GGKNEEKQEISSIIRWSARRAGIVNKYAVSLLNREEVTLEVDMGAVKKMSEVMEDYREAQ

EALKAQYVLDERDDM

>rev_sp|Q04917|1433F_HUMAN 14-3-3 protein eta OS=Homo sapiens GN=YWHAH PE=1 SV=4

NGEGAEEDQQDSTWLTLNDRLLQMILTSDKYSDENLTDLEAIADDFAQKALLCAQEPANQ

IEYYFVSFNLALGLRIPHTPQMQEKSIEFAEKYAAESAEVVSNKKEGSAVEALYRYYDGK

MKLYFVKSEYQFDNCNKILFKDLLSLVDNCVTELEKEIKERYAKVKELKKENGDAMTKQE

ISSIVRWSSRRAGVVNKYAVSLLNRDENSLPENLETVAKMASAMDDYREAQEALRARQLL

QERDGM

>rev_sp|P61981|1433G_HUMAN 14-3-3 protein gamma OS=Homo sapiens GN=YWHAG PE=1 SV=2



NNGEGGDDDQQDSTWLTLNDRLLQMILTSDKYSDENLTDLEAIADDFATKALHCAQEPAN

QIEYYFVSYNLALGLRIPHTPQMHEKSIEHAESYAKESSEVVTARKEGTAVEALYRYYDG

KMKLYFVKSEYQTESCNKILYNDLLSLVDQCVAELEKEIKERYARVMEIKKENGDASTKQ

EISSIVRWSSRRAGVVNKYAVSLLNREENSLPENLETVNKMAAAMDDYREAQEALRAKQV

LQERDVM


(This post was edited by jtra00 on Jan 24, 2012, 9:41 AM)


rovf
Veteran

Jan 24, 2012, 9:46 AM


Views: 23702
Re: [jtra00] How to extract protein names from sequence file

We can't say what you did wrong, if you don't show that part of the code, which supposes to extract the data....


jtra00
Novice

Jan 24, 2012, 9:54 AM


Views: 23701
Re: [rovf] How to extract protein names from sequence file

This what I have been trying recently with errors.

my $infile = 'hdec1.csv';
my $outfile = 'listdec.txt';

open (FILEHANDLE, '<', $infile);


my @inlines;
@inlines = <FILEHANDLE>;
my @outlines;


close FILEHANDLE;

foreach my $line (@inlines) {

chomp($line);

$line =~ /cmgTrapLocation\.\d\s\=\srev\_\s"(\w+)"\s/m;

push(@outlines,$line);

my $outfile = join("\n",@outlines);

}
print OUT $outfile;
close OUT;

exit;


rovf
Veteran

Jan 24, 2012, 10:00 AM


Views: 23698
Re: [jtra00] How to extract protein names from sequence file


Quote
This what I have been trying recently with errors.

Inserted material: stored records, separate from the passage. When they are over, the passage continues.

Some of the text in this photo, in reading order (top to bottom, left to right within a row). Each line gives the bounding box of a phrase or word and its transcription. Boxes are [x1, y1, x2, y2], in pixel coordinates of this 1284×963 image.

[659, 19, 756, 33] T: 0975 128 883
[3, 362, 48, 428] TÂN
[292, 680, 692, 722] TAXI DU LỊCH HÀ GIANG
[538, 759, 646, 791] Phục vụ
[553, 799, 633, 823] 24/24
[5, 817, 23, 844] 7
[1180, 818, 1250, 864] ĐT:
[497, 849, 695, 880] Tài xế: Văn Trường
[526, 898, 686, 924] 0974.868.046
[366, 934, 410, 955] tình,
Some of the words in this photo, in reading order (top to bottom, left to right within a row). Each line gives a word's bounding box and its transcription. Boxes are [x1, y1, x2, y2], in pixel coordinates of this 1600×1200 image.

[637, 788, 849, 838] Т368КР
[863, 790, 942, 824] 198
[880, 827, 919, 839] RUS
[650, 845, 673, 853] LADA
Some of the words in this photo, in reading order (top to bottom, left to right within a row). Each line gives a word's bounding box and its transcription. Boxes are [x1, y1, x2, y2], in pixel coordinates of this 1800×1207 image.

If you have errors, you should also post the errors.

Also, in your code is


Code
use strict; 
use warnings;


missing. Please add this and rerun the program. It makes then more sense to discuss it.


jtra00
Novice

Jan 24, 2012, 10:05 AM


Views: 23697
Re: [rovf] How to extract protein names from sequence file

The error is
Print() on unopened filehandle OUT at line 30.


jtra00
Novice

Jan 24, 2012, 10:09 AM


Views: 23696
Re: [jtra00] How to extract protein names from sequence file

By the way thanks for suggesting the
Use warnings, because previously, the program will hang forever until I stop it.


jtra00
Novice

Jan 24, 2012, 11:27 AM


Views: 23692
Re: [jtra00] How to extract protein names from sequence file

simple grep followed by regular expression should have been okay. Oh well!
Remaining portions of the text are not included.